L'objet: le Dif concerne les salariés de plus d'un an d'ancienneté

Le droit individuel à la formation prévoit que tout salarié disposant d'un an d'ancienneté dans l'entreprise dispose d'un quota de 20 heures de formation par an, cumulables sur une période de six ans. Les salariés en CDD ont également accès au Dif, prorata temporis, à l'issue de quatre mois, consécutifs ou non, au cours des douze derniers mois.

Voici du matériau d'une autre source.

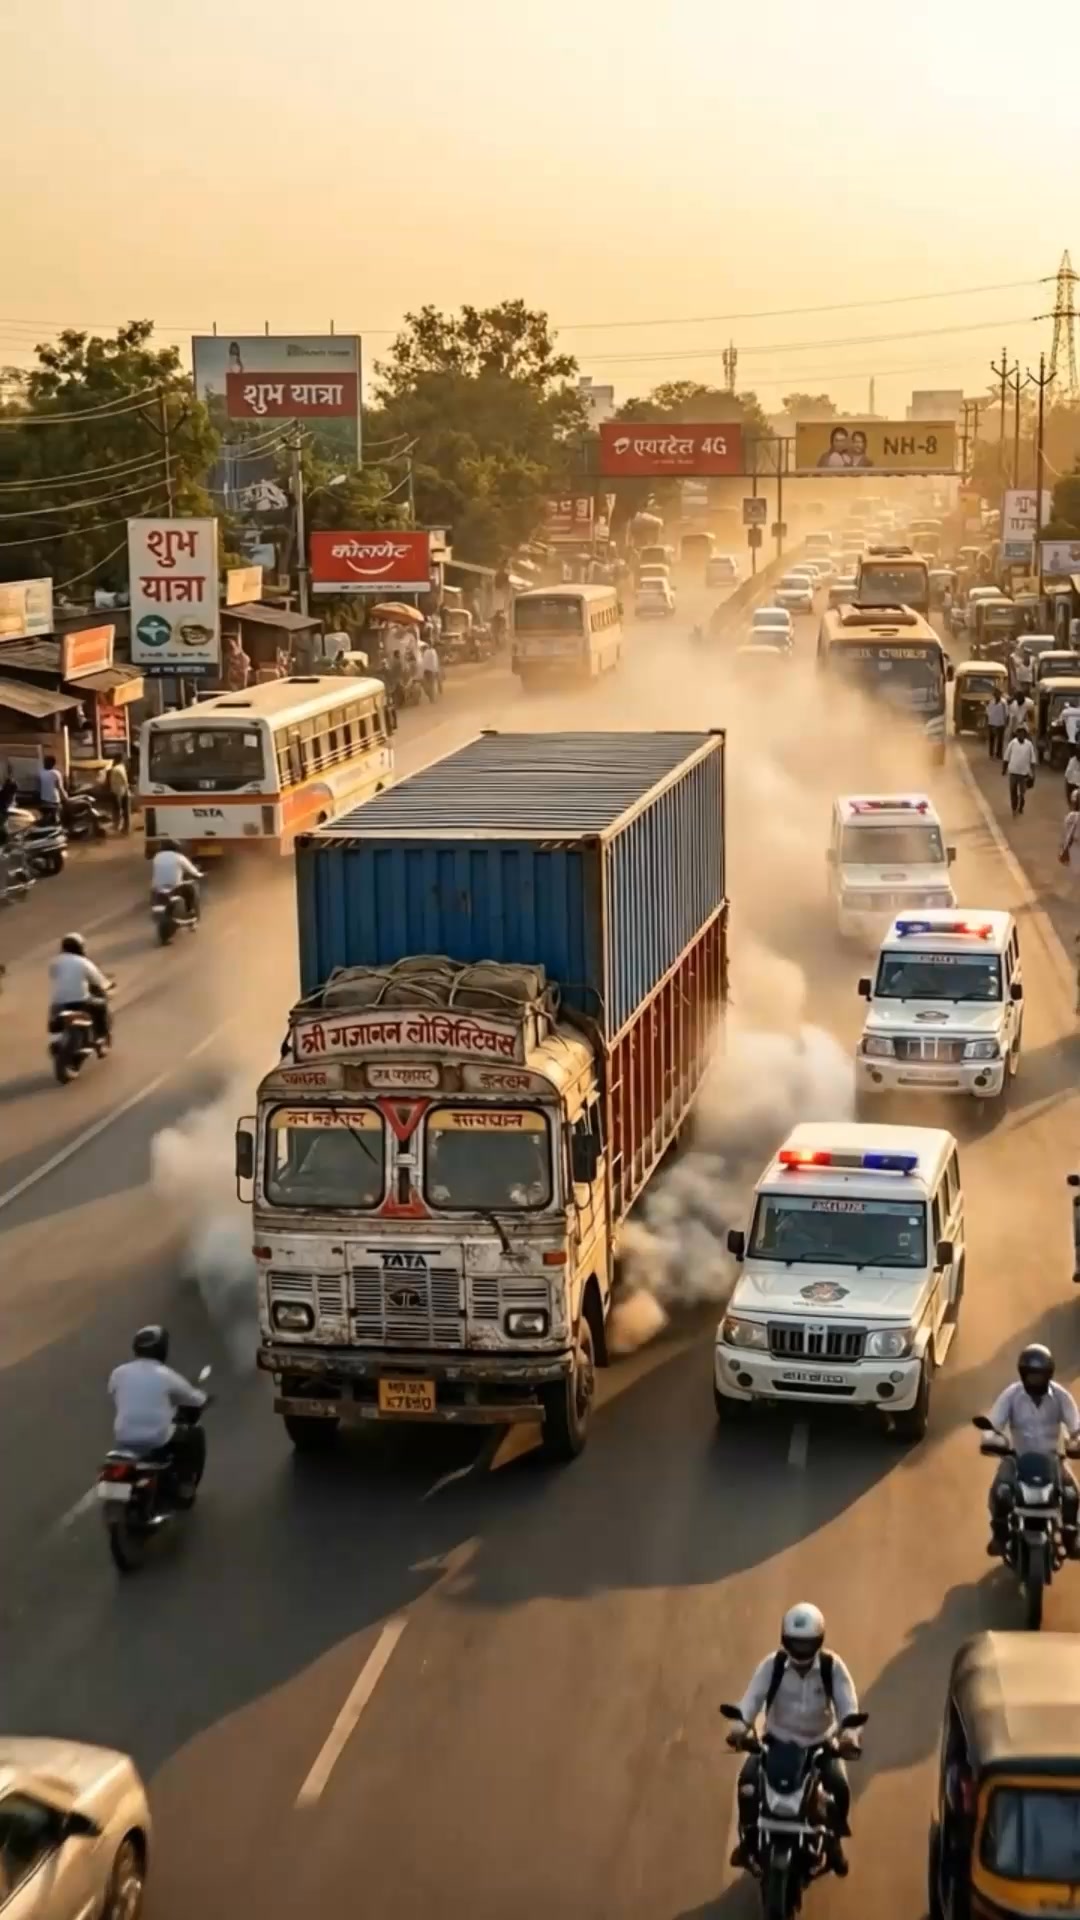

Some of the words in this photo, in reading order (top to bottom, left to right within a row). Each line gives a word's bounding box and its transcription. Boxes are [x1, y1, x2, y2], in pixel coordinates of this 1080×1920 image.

[243, 383, 284, 415] शुभ
[290, 383, 344, 405] यात्रा
[633, 434, 695, 457] एयरटेल
[701, 436, 728, 455] 4G
[882, 435, 938, 456] NH-8
[147, 529, 199, 569] शुभ
[330, 538, 413, 559] कोलगेट
[138, 575, 207, 603] यात्रा
[327, 1021, 403, 1048] गजानन
[381, 1254, 427, 1268] TATA
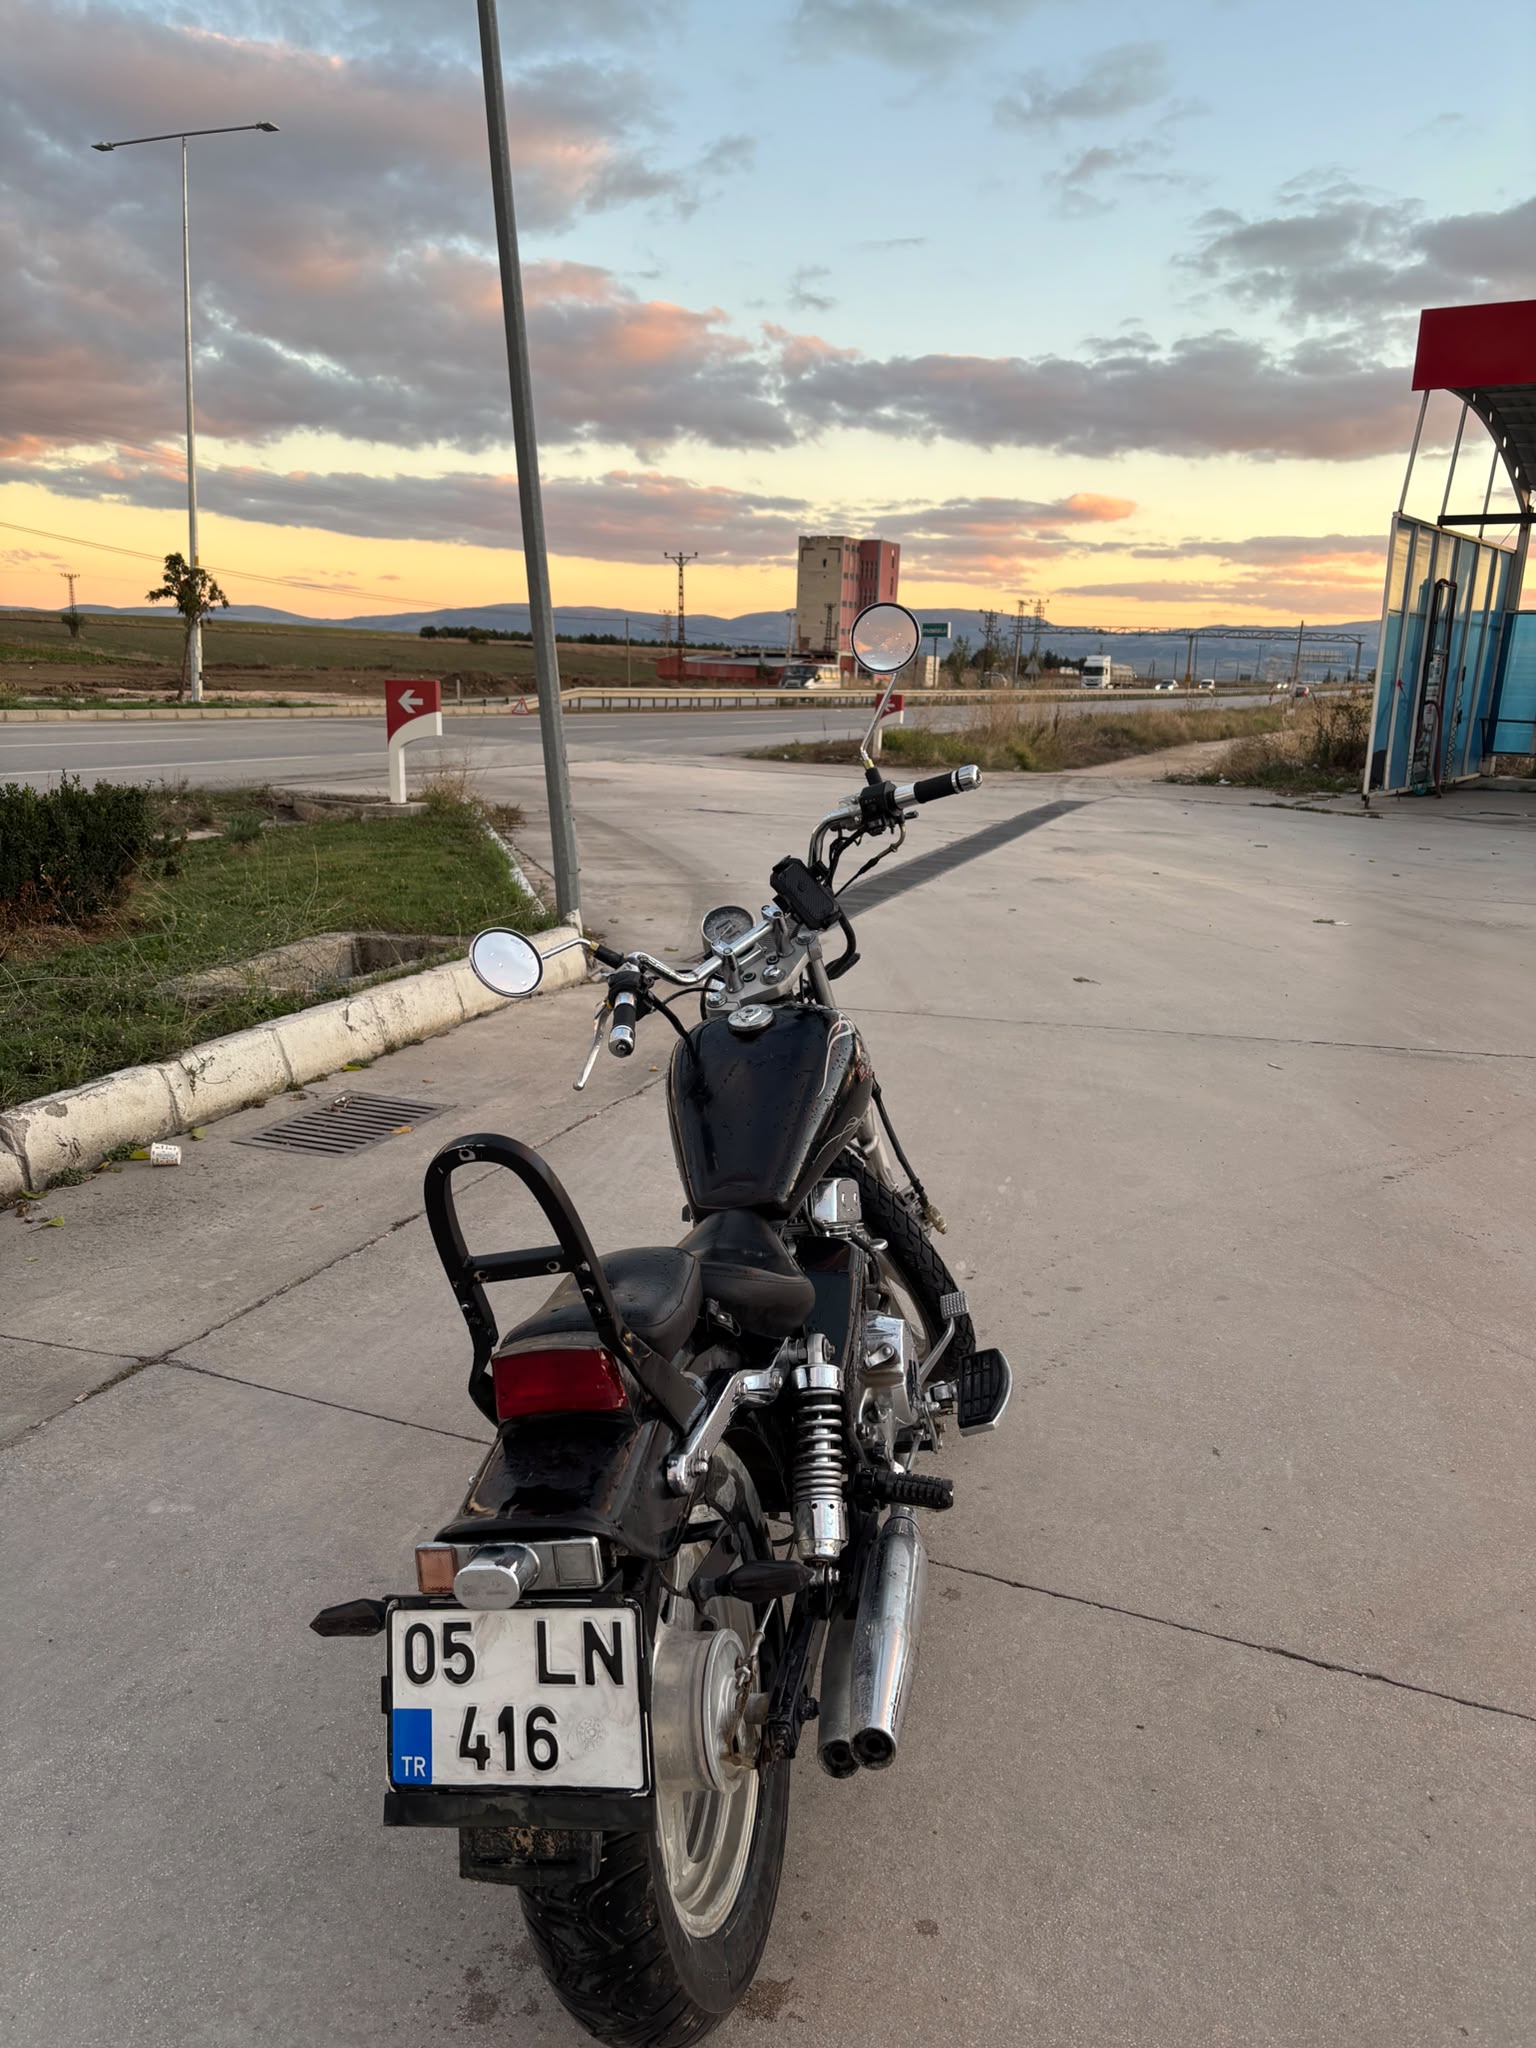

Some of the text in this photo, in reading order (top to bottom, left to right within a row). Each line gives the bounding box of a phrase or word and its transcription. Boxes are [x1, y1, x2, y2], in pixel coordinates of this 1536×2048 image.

[405, 1620, 624, 1685] 05 LN
[401, 1756, 426, 1777] TR
[459, 1705, 558, 1771] 416

Le contenu: priorité au développement des compétences

Sont concernées par le Dif les formations portant sur le développement des compétences du salarié. Les textes parlent “d'actions de promotion, acquisition, entretien ou perfectionnement des connaissances”. Les commerciaux peuvent se former à la prévention routière s'ils sont itinérants ou encore à dénouer des situations tendues avec les clients ou à faire des présentations en anglais. En sont exclues les formations visant à assurer l'adaptation du collaborateur aux évolutions de son poste de travail ainsi que les formations nécessaires au maintien du collaborateur à son poste de travail. Le financement du Dif est imputé au budget formation de l'entreprise. Sont pris en charge par la société le stage, mais aussi les frais de déplacement et d'hébergement.

La réponse de l'employeur: un mois pour dire oui ou non

La réponse a une demande de Dif peut être faite de façon orale ou bien écrite. «Dans le cadre d'une réponse négative, elle devra être rédigée par écrit au plus tard un mois après réception de la demande», explique Marie Eon (ANDCP). Faute de réponse, la demande sera considérée comme acceptée. Par ailleurs, un collaborateur qui se serait vu refuser deux fois une même demande peut tenter un recours de financement auprès d'un Organisme paritaire collecteur agréé (OPCA, Fongecif ou Opacif). Il lui faut, dans ce cas, un justificatif des refus précédents qui doivent être argumentés: objectif incompatible avec celui de la société, problème concernant les modalités du stage (trop loin, mal organisé, etc.)

La date: respecter le délai de réponse

La demande de droit individuel de formation (Dif) de tout salarié doit être adressée à son supérieur hiérarchique. À partir du moment ou vous recevez la demande, vous disposez d'un mois pour y répondre. L'absence de réponse de votre part ou de celle de la direction des ressources humaines sera assimilée à l'acceptation de la demande.

La forme de la demande: orale ou écrite

L'entreprise doit prendre en compte toute demande de Dif de ses collaborateurs, sans exception, quelle que soit leur forme: écrite, remise avec accusé de réception ou orale. «Le courrier écrit n'est pas une obligation», précise Marie Eon, déléguée générale adjointe de l'ANDCP (Association nationale des directeurs et cadres de la fonction personnel). Dans la pratique, les demandes vont se faire oralement ou bien par écrit en fonction de l'entreprise, de sa culture, de sa taille, de son organisation et du type de relation existant entre le collaborateur et son manager. «Pour ma part, explique Marie Eon, je trouve préférable de traiter ces demandes oralement au cours de l'entretien annuel d'évaluation. Le Dif doit permettre de développer le dialogue entre salariés, managers et employeurs, et non pas de créer de la distance.» La demande écrite peut toutefois s'expliquer dans des structures très hiérarchisées, lorsque le manager n'est pas situé sur le même site que le collaborateur qui fait la demande ou dans le cas de tensions sociales.

Le droit à la formation: 20 heures par an

L'action de formation se déroule, par défaut, en dehors des heures travaillées, soit pendant les congés ou RTT. Le salarié bénéficie en contrepartie d'une allocation de formation qui est égale à 50 % de sa rémunération nette. Toutefois, il a la possibilité d'exercer en partie son Dif pendant le temps de travail. Dans ce cas, sa rémunération reste inchangée.